RFC: KVM: x86/mmu: Eager Page Splitting

From: David Matlack <dmatlack@google.com>
To: Paolo Bonzini <pbonzini@redhat.com>
Cc: kvm list <kvm@vger.kernel.org>, Ben Gardon <bgardon@google.com>,
	Junaid Shahid <junaids@google.com>,
	Sean Christopherson <seanjc@google.com>,
	Oliver Upton <oupton@google.com>,
	Harish Barathvajasankar <hbarath@google.com>,
	Vitaly Kuznetsov <vkuznets@redhat.com>,
	Wanpeng Li <wanpengli@tencent.com>,
	Jim Mattson <jmattson@google.com>, Peter Xu <peterx@redhat.com>,
	Peter Shier <pshier@google.com>
Subject: RFC: KVM: x86/mmu: Eager Page Splitting
Date: Thu, 4 Nov 2021 15:45:30 -0700	[thread overview]
Message-ID: <CALzav=dV_U4r1K9oDq4esb4mpBQDQ2ROQ5zH5wV3KpOaZrRW-A@mail.gmail.com> (raw)

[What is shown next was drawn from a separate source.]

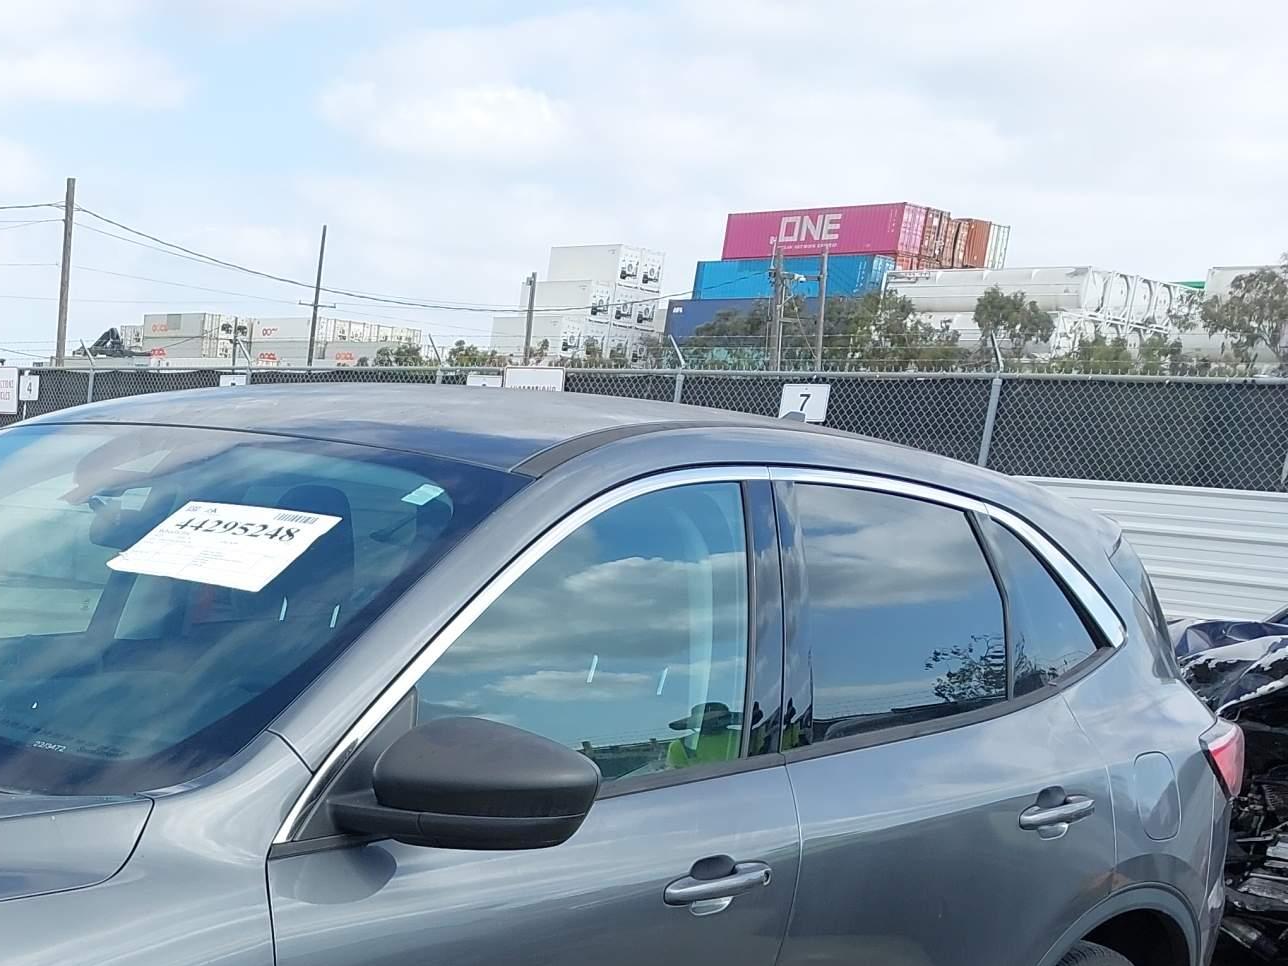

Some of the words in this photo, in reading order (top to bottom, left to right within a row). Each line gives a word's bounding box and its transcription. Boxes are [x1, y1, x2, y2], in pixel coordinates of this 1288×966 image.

The goal of this RFC is to get feedback on "Eager Page Splitting", an
optimization that has been in use in Google Cloud since 2016 to reduce
the performance impact of live migration on customer workloads. We
wanted to get feedback on the feature before delving too far into
porting it to the latest upstream kernel for submission. If there is
interest in adding this feature to KVM we plan to follow up in the
coming months with patches.

Background
==========
When KVM is tracking writes for dirty logging it write-protects any
2MiB or 1GiB pages that are mapped into the guest. When a vCPU writes
to such a page a write-protection fault will occur which KVM handles
by allocating lower level page tables, mapping in the faulting address
with a PT-level (4KiB) SPTE, and recording the 4KiB page is dirty.
Handling these faults is done under the MMU lock. In the TDP MMU,
where the MMU lock is a rwlock rather than a spin lock, splitting is
done while holding the lock in read (shared) mode and atomic
compare-exchanges are used when modifying SPTEs to detect races and
retry.

Motivation
==========
The write-protection faults to break down 2MiB and 1GiB mappings into
4KiB mappings are taken on the critical path of guest execution, which
negatively impacts guest performance. The negative impact scales with
the number of vCPUs, since each vCPU contends for the MMU lock.

This overhead can be seen by running dirty_log_perf_test with 1GiB per
vCPU and comparing the time it takes the test to dirty memory after
enabling dirty logging when the backing source is `anonymous` (4KiB
pages) and `anonymous_hugetlb_1gb` (1GiB pages).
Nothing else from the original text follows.